Supreme Court Looks at Painful|Drugs in Lethal-Injection Process

     (CN) – At oral arguments today on Oklahoma’s lethal-injection scheme, the Supreme Court’s liberal justices characterized the protocol as burning a man alive by drugs.
     Oklahoma executed Charles Warner, 47, in January after a deeply divided Supreme Court refused to get involved. Warner was the first inmate executed in Oklahoma after the horribly botched lethal injection of Clayton Lockett last year.
     Despite concerns over a shortage of the necessary drugs, the Oklahoma Supreme Court allowed the executions to proceed.
     Both a federal judge and the 10th Circuit approved new standards that the state unveiled for executions by lethal injection after the Lockett incident ahead of Warner’s execution on Jan. 15.
     An attorney for death-row inmates, Robin Konrad, opened by telling the court that her clients face “intense pain and suffering” from Oklahoma’s three-drug formula, which includes a paralytic and potassium chloride.
     “The second and third drugs are constitutional only if a prisoner will not feel the pain and be aware of the suffocation caused by those drugs,” Konrad said.
     “The district court erred as a matter of law and as a matter of fact when it found that midazolam as the first drug is constitutionally tolerable.”
     Justice Anton Scalia was immediately skeptical. “Why is that a matter of law?” he asked. “As I see it, it’s just a face question, and the District Court found that it did eliminate the pain. And you’re asking us to find that the District Court was clearly erroneous in that determination?”
     Justice Elena Kagan tried to clarify Konrad’s position. “You’re suggesting that we know that the drug can’t maintain deep unconsciousness, right,” she asked.
     Konrad affirmed, stating that the pharmacological properties of the drug do not prevent a patient from feeling pain during a painful procedure.
     Justice Samuel Alito stepped in. “I mean, let’s be honest about what’s going on here,” he said. “Executions could be carried out painlessly. There are many jurisdictions that allow assisted suicide, and I assume that those are carried out with little, if any, pain. Oklahoma and other states could carry out executions painlessly.”
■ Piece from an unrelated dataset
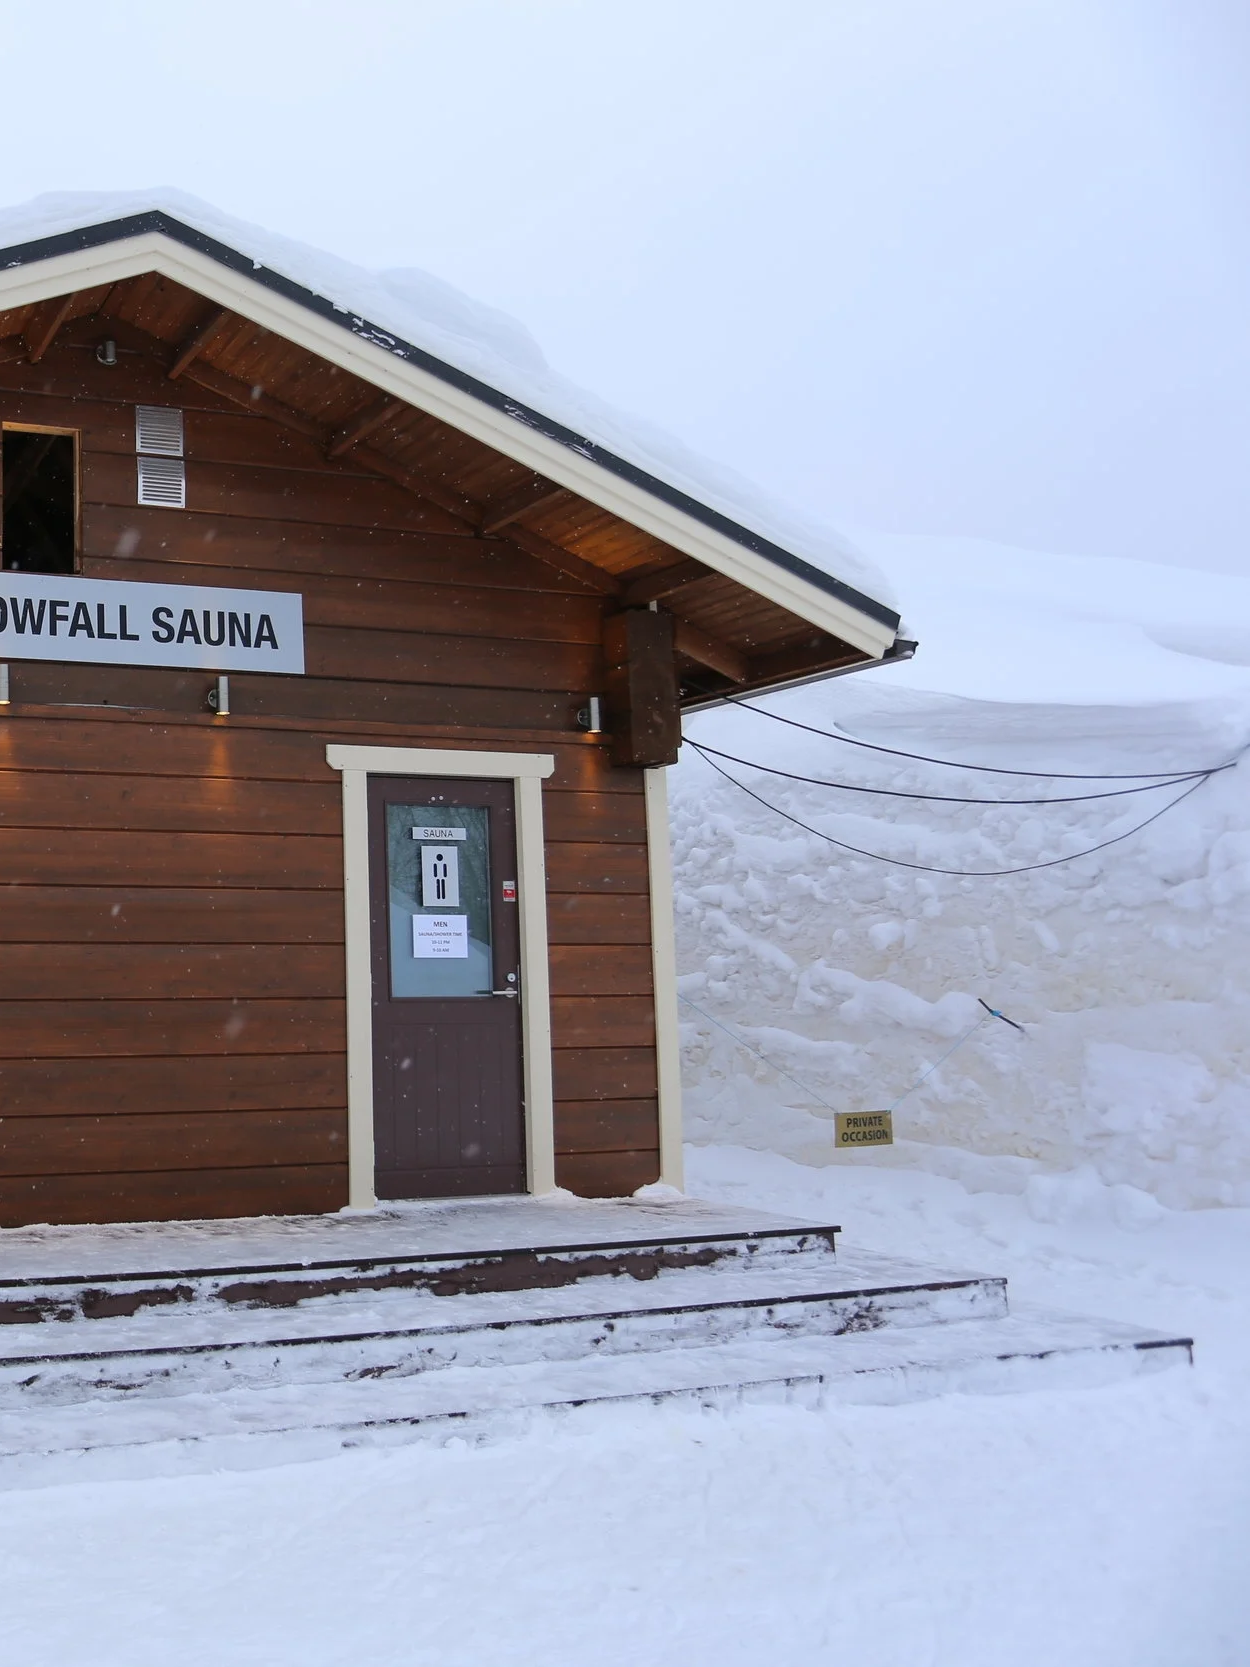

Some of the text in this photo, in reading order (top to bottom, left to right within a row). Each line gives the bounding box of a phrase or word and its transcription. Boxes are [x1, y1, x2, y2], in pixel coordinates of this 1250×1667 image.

     Many pharmaceutical companies have stopped selling drugs used in the lethal-injection process to death-penalty states amid pressure from death-penalty opponents, forcing states such as Oklahoma to find alternative drugs.
     Alito told Konrad that the death penalty is constitutional, but opponents are free to try to persuade legislatures to abolish the punishment.
     “But until that occurs, is it appropriate for the judiciary to countenance what amounts to a guerilla war against the death penalty which consists of efforts to make it impossible for the states to obtain drugs that could be used to carry out capital punishment with little, if any, pain?” Alito continued.
     Konrad told the court that the fact that the unavailability of another most-effective method to the state should not have any bearing on whether the current method is constitutional.
     Justice Sonia Sotomayor indicated that she agreed with Konrad. “There are other ways to kill people, regrettably,” she said. For example, the state could return to using the firing squad or gas, Sotomayor said.
     Chief Justice John Roberts inquired whether Konrad found these other methods more acceptable. “Do you have an instinct about whether or not the gas chamber is preferable to this lethal injection or not,” he asked.
     Konrad said she did not know enough about the other procedures to make a judgment as to whether they would be constitutional under the Eighth Amendment.
     Attorney Patrick Wyrick argued for the state, and told the court that midazolam was routinely used to induce anesthesia, but now propofal is more commonly used because recovery period is much shorter.
     But Justice Kagan pointed out that, even once a prisoner has been given a lethal dose of anesthetic, “it will take 30 minutes to die.”
     “In the meantime, the potassium chloride can be wreaking extraordinary pain on the individual,” she said.
     Potassium chloride is the third drug in the lethal-injection process, and acts to stop the heart.
     Kagan noted that people have compared the lethal injection of potassium chloride to being burned alive.
     “So suppose that we said, we’re going to burn you at the stake, but before we do, we’re going to use an anesthetic of completely unknown properties and unknown effects,” she said. “Maybe you won’t feel it, maybe you will. We just can’t tell. And you think that would be OK.”
     Wyrick responded: “That isn’t the world that we live in, and it’s certainly not the world that this District Court lived in.” He reiterated that the Food and Drug Administration has approved the drug for anesthesia.
     But both Justices Steven Breyer and Sotomayor questioned the state-expert’s extrapolation that a prisoner would feel no pain while rendered unconscious, especially once injected with highly noxious potassium chloride.
     Konrad closed her argument by telling the court again that the state’s expert had no support for the testimony he presented, testimony on which the District Court based its decision.
     “What this court needs to understand is that giving the drug, even if it could potentially cause a toxic effect, that will not protect against the unconstitutional pain and suffering from the second and third drugs,” she said.